Integrated transcriptomics and metabolomics reveal key metabolic pathway responses in Iris tectorum under chromium stress

Chromium (Cr) induces molecular alterations, disrupts metabolites, and impedes plant growth, necessitating the elucidation of the molecular stress mechanism underlying Cr tolerance in plants to evaluate the enduring environmental effects of Cr stress. In this study, I. tectorum was employed as the experimental model to scrutinize Cr accumulation and transport, along with physiological alterations in antioxidants, metabolites, and functional genes in plants under Cr stress. The findings exhibited a significant reduction in plant biomass under Cr stress, accompanied by pronounced enhancements in Cr enrichment capacity and homeostatic oxidative stress ability. Metabolomic analysis revealed that Cr stress primarily affected nine metabolic pathways in I. tectorum, involving 25 differentially expressed metabolites (DEMs), predominantly comprising fatty acids, terpenoids, flavonoids, phenylpropanoids, and organic acids.

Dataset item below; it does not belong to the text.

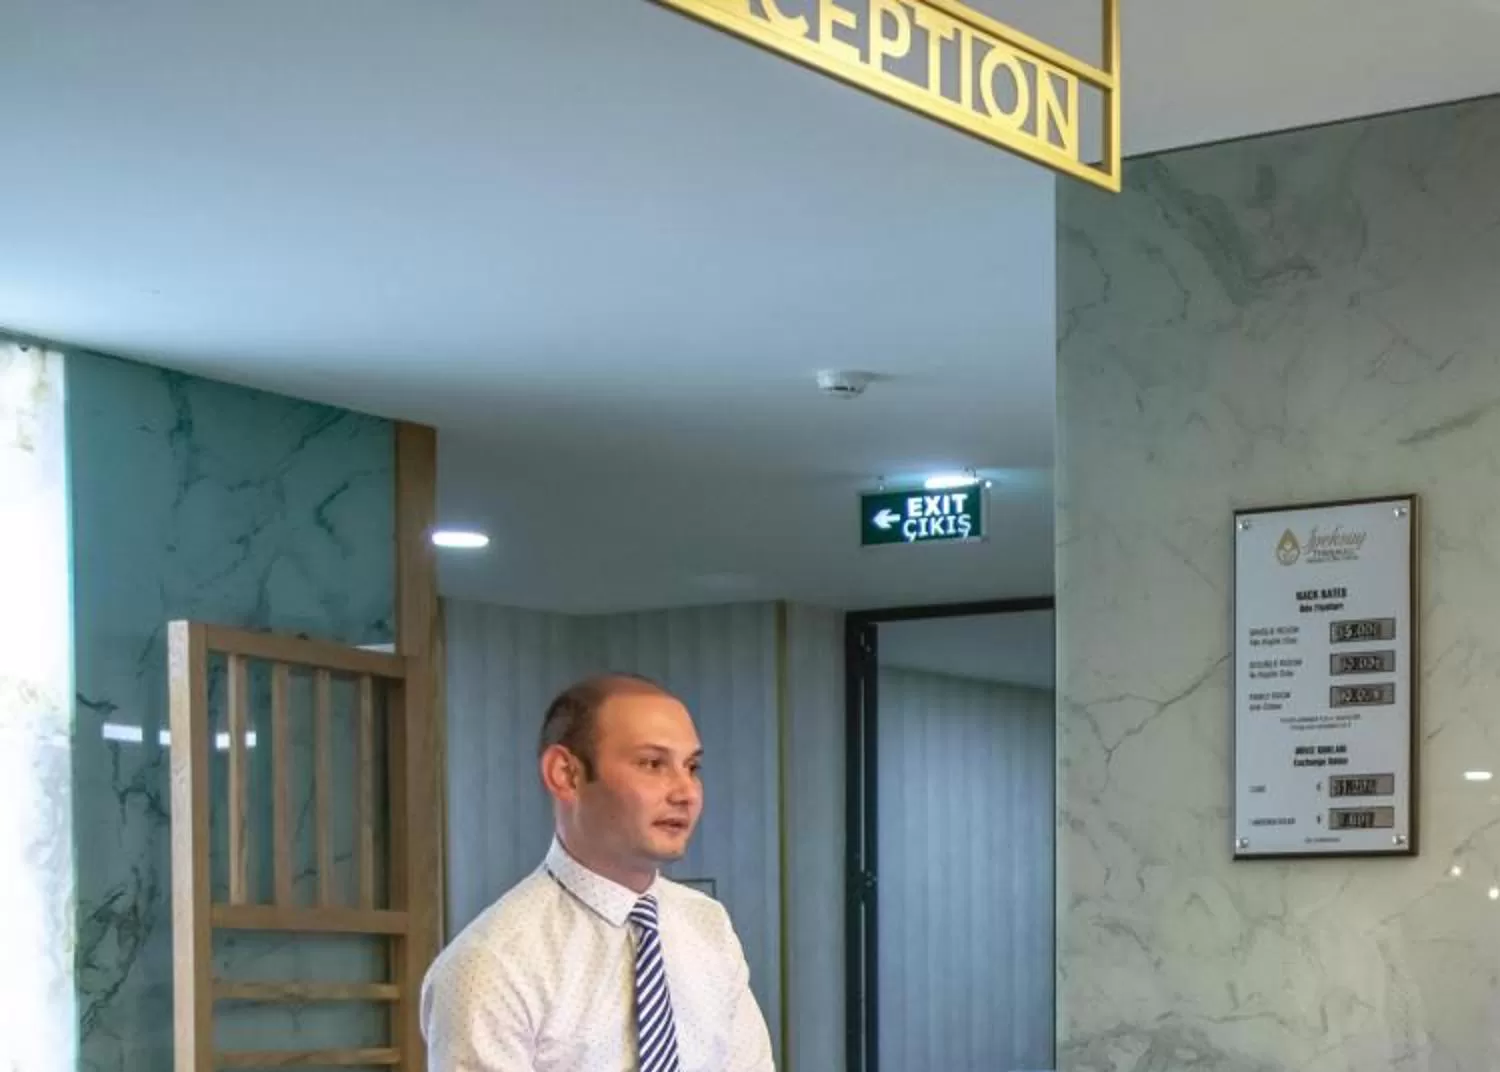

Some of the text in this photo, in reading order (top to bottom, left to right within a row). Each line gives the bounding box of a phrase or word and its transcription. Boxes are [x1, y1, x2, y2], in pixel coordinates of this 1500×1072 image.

[742, 0, 1080, 163] CEPTION
[907, 493, 968, 517] EXIT
[903, 514, 972, 542] ÇIKIŞ

In addition, the transcriptomic analysis identified a total of 19,136 differentially expressed genes (11994 up-regulated and 7142 down-regulated DEGs) across the three comparison groups. These DEGs were primarily associated with cell wall biosynthesis, oxidative stress response, signal transduction, and plant carbohydrate metabolism pathways. A comprehensive analysis unveiled the pivotal roles of the cell wall biosynthetic pathway and the oxidative stress system in I. tectorum for Cr detoxification. In conclusion, this study encompassed a comprehensive investigation utilizing diverse methodologies to unravel the molecular detoxification mechanism employed by I. tectorum, a wetland plant, in combating Cr stress.